Rudra's .NET and SQL Server Blog: August 2009

Thursday, August 27, 2009

Full-Text Search (SQL Server)

SQL Server 2008 provides the functionality for applications and users to issue full-text queries against character-based data in SQL Server tables. Before full-text queries can be run on a given table, the database administrator must create a full-text index on the table. The full-text index includes one or more character-based columns in the table. These columns can have any of the following data types: char, varchar, nchar, nvarchar, text, ntext, image, xml, varbinary, or varbinary(max). Each full-text index indexes one or more columns from the base table, and each column can have a specific language. Beginning in SQL Server 2008, full-text search supports more than 50 diverse languages, such as English, Spanish, Chinese, Japanese, Arabic, Bengali, and Hindi. For a complete list of the supported full-text languages, see sys.fulltext_languages (Transact-SQL).
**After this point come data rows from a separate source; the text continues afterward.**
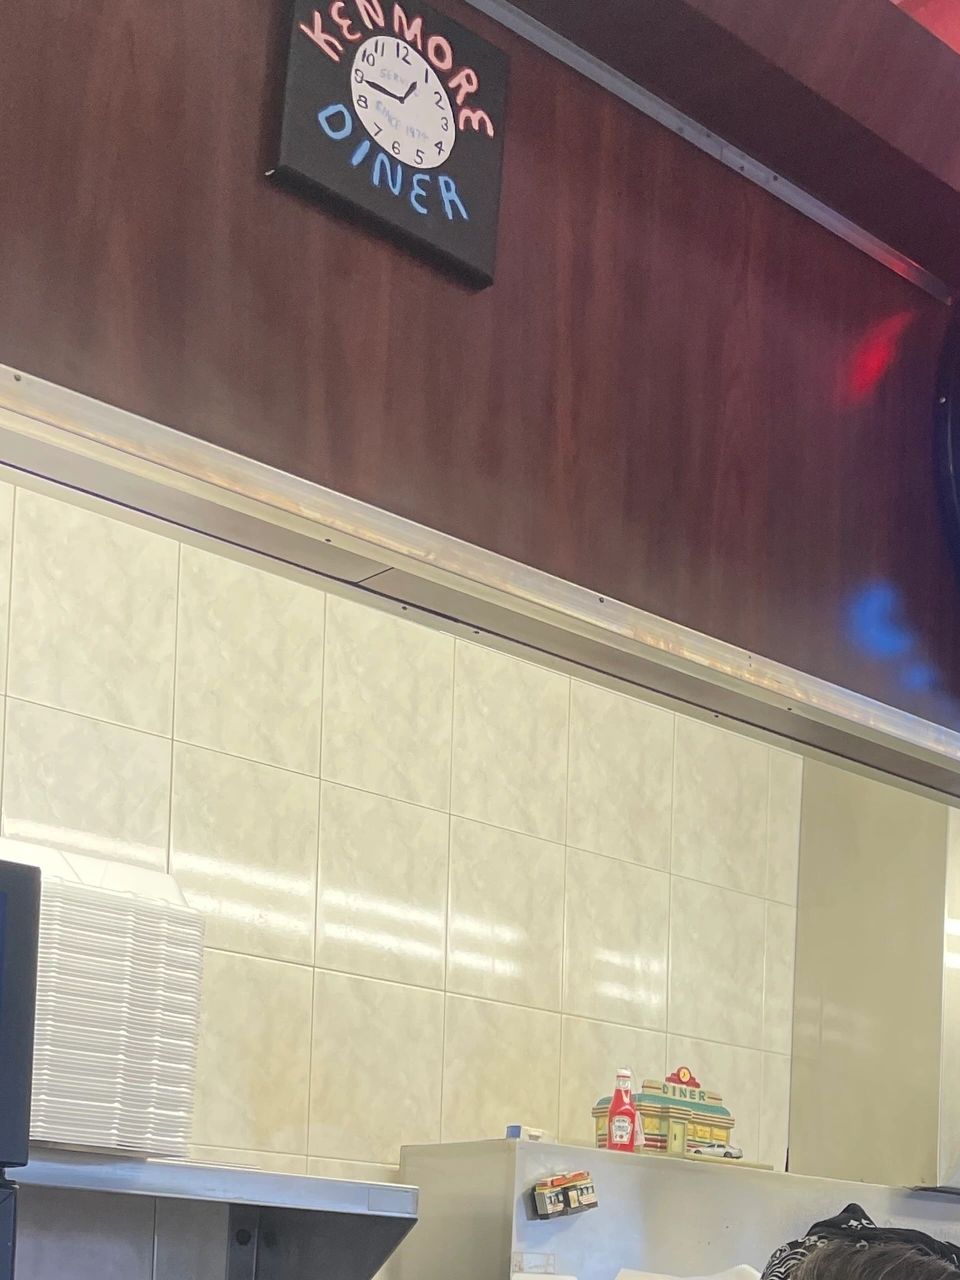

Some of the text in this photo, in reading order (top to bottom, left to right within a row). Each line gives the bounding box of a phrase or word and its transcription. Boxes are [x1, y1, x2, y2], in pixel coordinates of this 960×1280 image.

[361, 48, 375, 67] 10
[396, 41, 412, 66] 12
[300, 0, 494, 138] KENMORE
[357, 95, 368, 109] 8
[434, 91, 445, 110] 2
[374, 122, 383, 136] 7
[440, 116, 449, 132] 3
[392, 141, 400, 155] 6
[434, 140, 445, 156] 4
[318, 104, 468, 220] DINER
[414, 149, 424, 165] 5
[662, 1084, 706, 1101] DINER
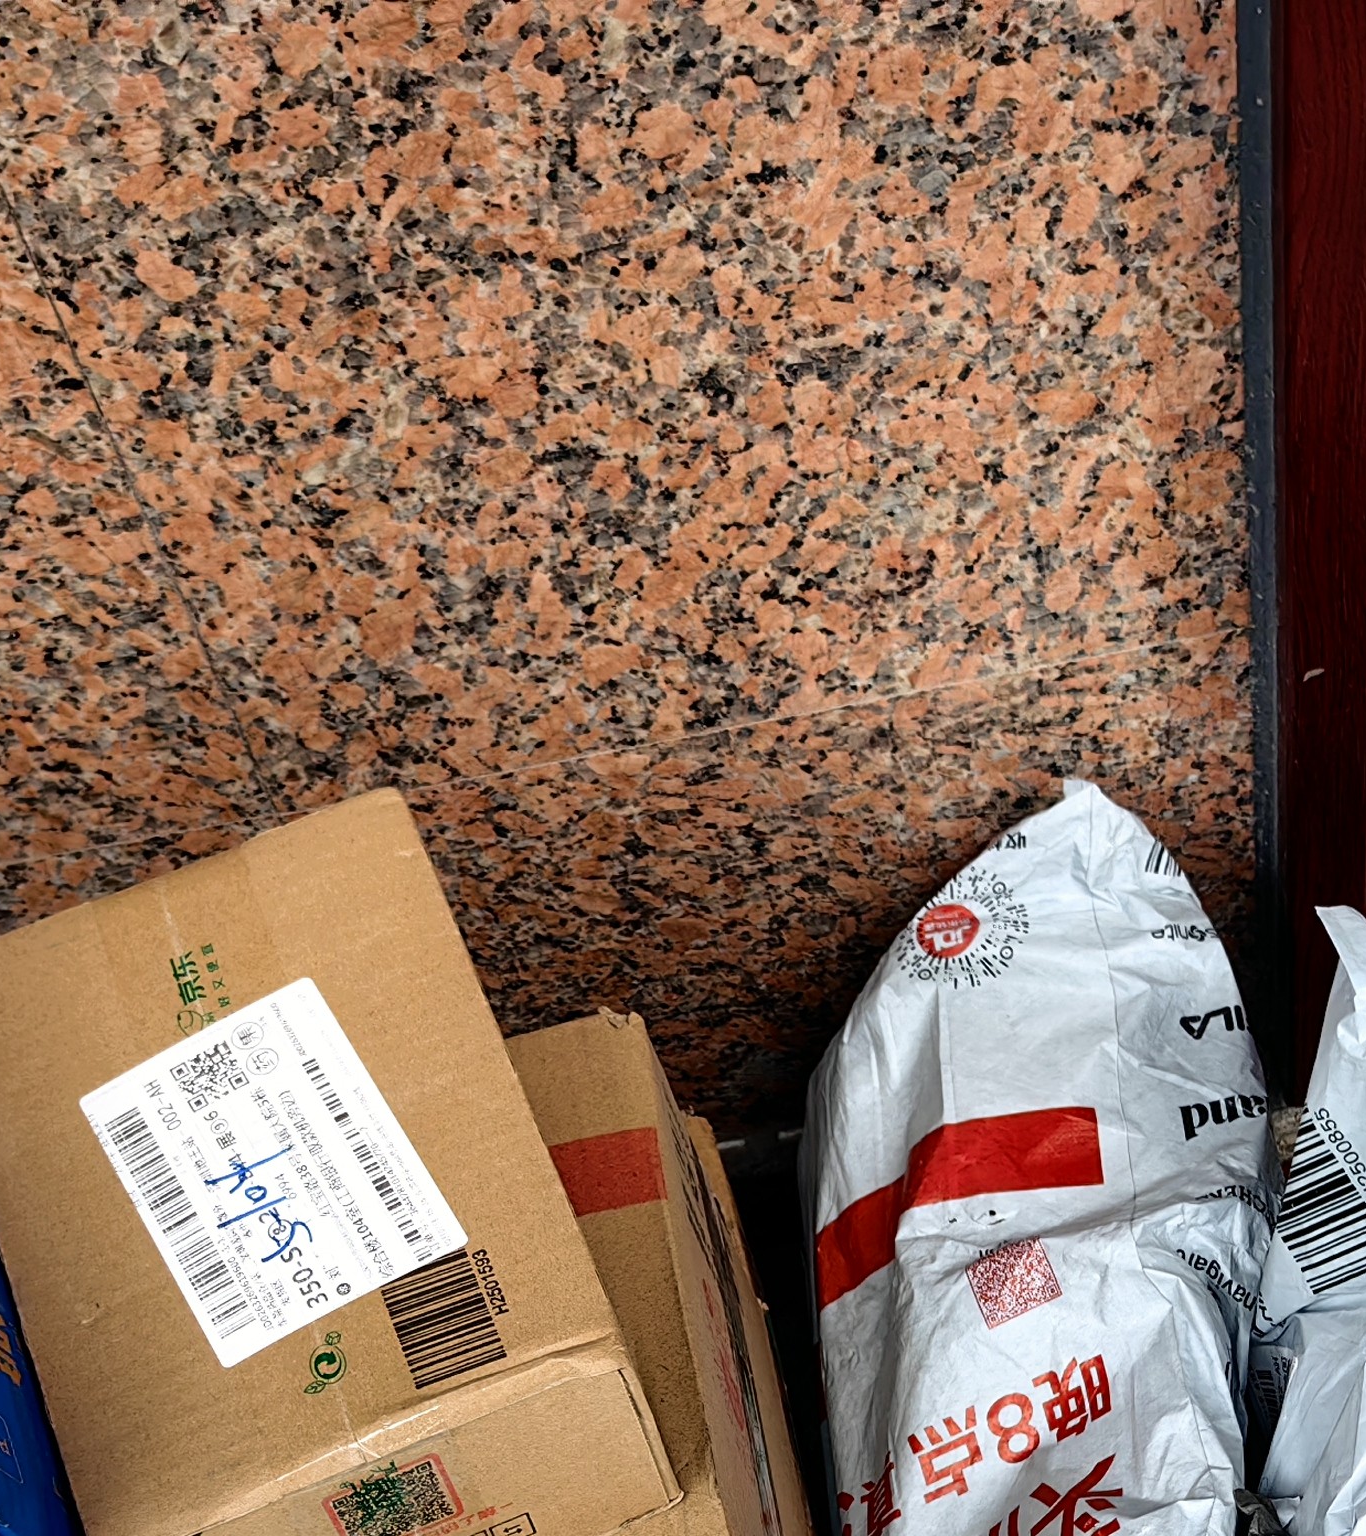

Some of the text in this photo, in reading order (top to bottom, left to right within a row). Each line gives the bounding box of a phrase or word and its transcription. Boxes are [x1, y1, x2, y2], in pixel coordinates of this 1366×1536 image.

[166, 950, 208, 1006] 京东
[471, 1248, 509, 1316] H2501593
[908, 1354, 1111, 1505] 晚8点
For each supported language, SQL Server provides language-specific linguistic components, including a word breaker and stemmer and an empty thesaurus file. For each full-text language, SQL Server also provides a file in which you can optionally define language-specific synonyms to extend the scope of search queries (a thesaurus file). In addition, beginning in SQL Server 2008, a system stoplist is provided. To support specific language or business scenarios, you can alter the system stoplist by adding and removing stopwords (also known as noise words), and you can create additional stoplists as needed.

For writing full-text queries, SQL Server provides a set of full-text predicates (CONTAINS and FREETEXT) and rowset-valued functions (CONTAINSTABLE and FREETEXTTABLE). Using these, applications and users can perform a variety of types of full-text searches, such as searching on a single word or phrase (and optionally ranking the result set), searching on a word or phrase close to another word or phrase, or searching on synonymous forms of a specific word.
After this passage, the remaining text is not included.